United States District Court, S.D. New York
Sep 30, 2022
20-CV-7320 (KMK) (JCM) (S.D.N.Y. Sep. 30, 2022)

Opinion

20-CV-7320 (KMK) (JCM)

09-30-2022

LISA M. HALL, Plaintiff, v. KILOLO KIJAKAZI, Acting Commissioner of Social Security, Defendant.[1]


ORDER ADOPTING REPORT & RECOMMENDATION

KENNETH M. KARAS UNITED STATES DISTRICT JUDGE

Lisa Hall (“Plaintiff”) brings this Action against the Acting Commissioner of Social Security (“Defendant” or the “Commissioner”), pursuant to 42 U.S.C. § 405(g), challenging the decision of an administrative law judge (“ALJ”) to deny Plaintiff's application for a period of disability and disability insurance benefits on the ground that Plaintiff is not disabled within the meaning of the Social Security Act, 42 U.S.C. §§ 423, et seq. (See Compl. (Dkt. No. 1).) On September 9, 2020, the Court referred the case to Magistrate Judge Judith C. McCarthy (“Judge McCarthy”), pursuant to 28 U.S.C. § 626(b)(1)(A). (See Dkt. No. 6.) Plaintiff and Defendant both moved for judgment on the pleadings. (See Dkt. Nos. 13, 19.) On January 25, 2022, Judge McCarthy issued a Report and Recommendation (“R&R”) recommending that the Court deny Plaintiff's Motion for Judgment on the Pleadings (“Plaintiff's Motion”) and grant Defendant's Cross-Motion for Judgment on the Pleadings (“Defendant's Motion”). (See R&R 32 (Dkt. No. 22).) Plaintiff filed Objections to the R&R on February 7, 2022, (see Pls.' Obj. to the R&R (“Pl.'s Obj.”) (Dkt.
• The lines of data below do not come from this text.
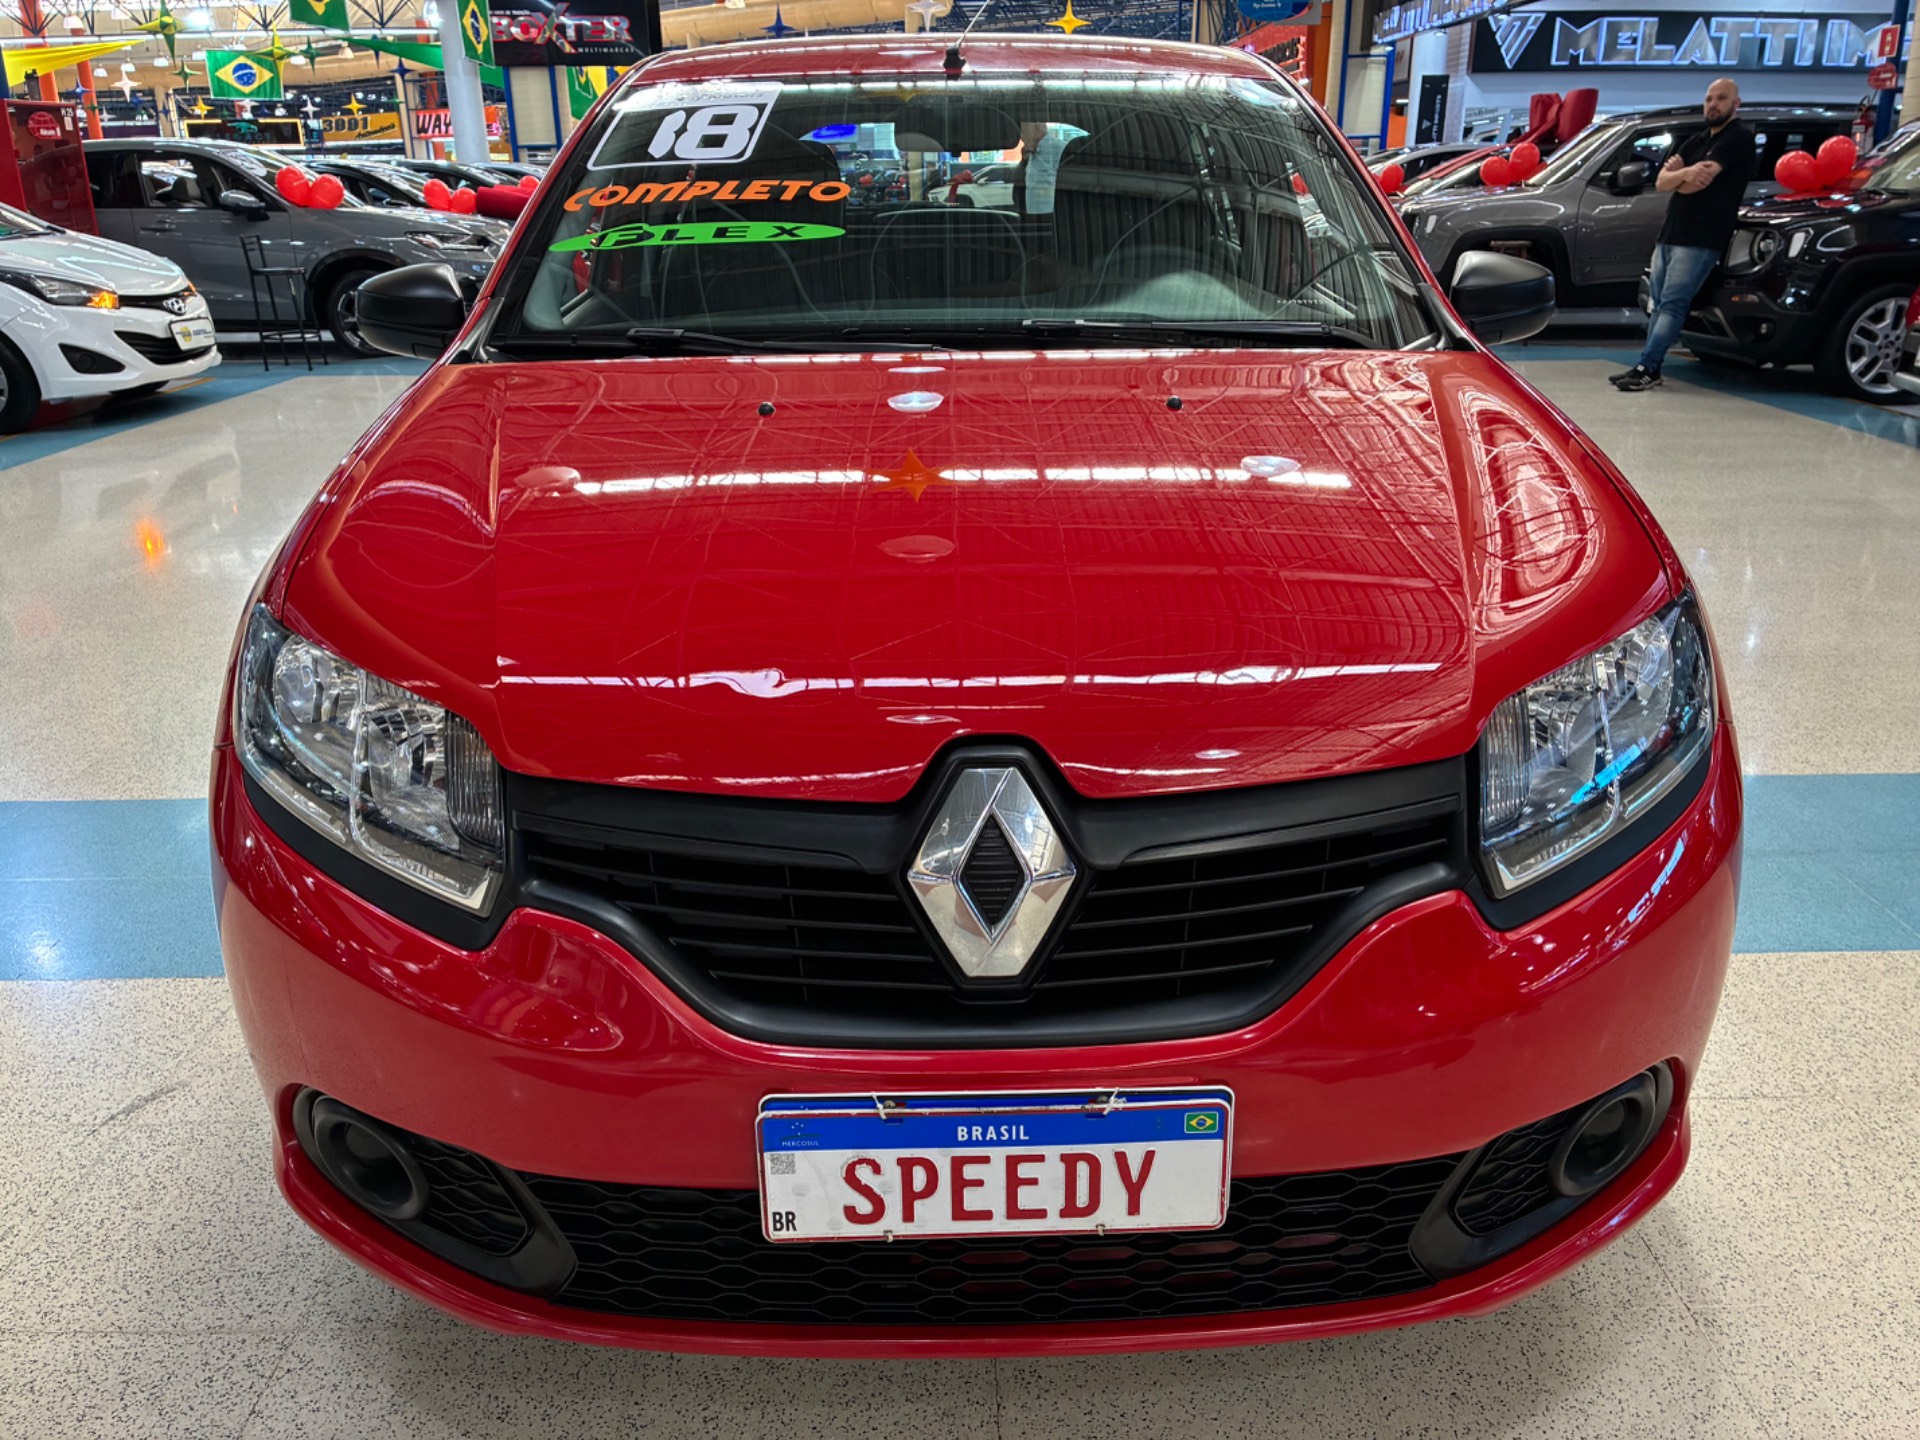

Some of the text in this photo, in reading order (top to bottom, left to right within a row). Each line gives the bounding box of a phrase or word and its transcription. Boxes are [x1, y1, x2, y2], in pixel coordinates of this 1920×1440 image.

[490, 2, 634, 53] BOXTER
[1551, 17, 1819, 66] MELATTI
[322, 116, 369, 132] 3001
[648, 104, 760, 159] 18
[563, 180, 851, 212] COMPLETO
[598, 225, 807, 247] FLEX
[957, 1125, 1030, 1141] BRASIL
[843, 1149, 1156, 1225] SPEEDY
[772, 1211, 797, 1232] BR
No. 23)), and Defendant filed a Response February 22, 2022, (see Def.'s Resp. to Pl.'s Obj. (“Def.'s Resp.”) (Dkt. No. 24)). For the reasons discussed below, the Court adopts the result recommended in the R&R.

I. Discussion

A. Standard of Review

1. Review of a Report and Recommendation

A district court addressing a dispositive motion “may accept, reject, or modify, in whole or in part, the findings or recommendations made by a magistrate judge.” 28 U.S.C. § 636(b)(1). Pursuant to § 636(b)(1) and Federal Rule of Civil Procedure 72(b)(2), parties may submit objections to the magistrate judge's report and recommendation. The objections must be “specific” and “written,” and must be made “[w]ithin 14 days after being served with a copy of the recommended disposition.” Fed.R.Civ.P. 72(b)(2); see also 28 U.S.C. § 636(b)(1).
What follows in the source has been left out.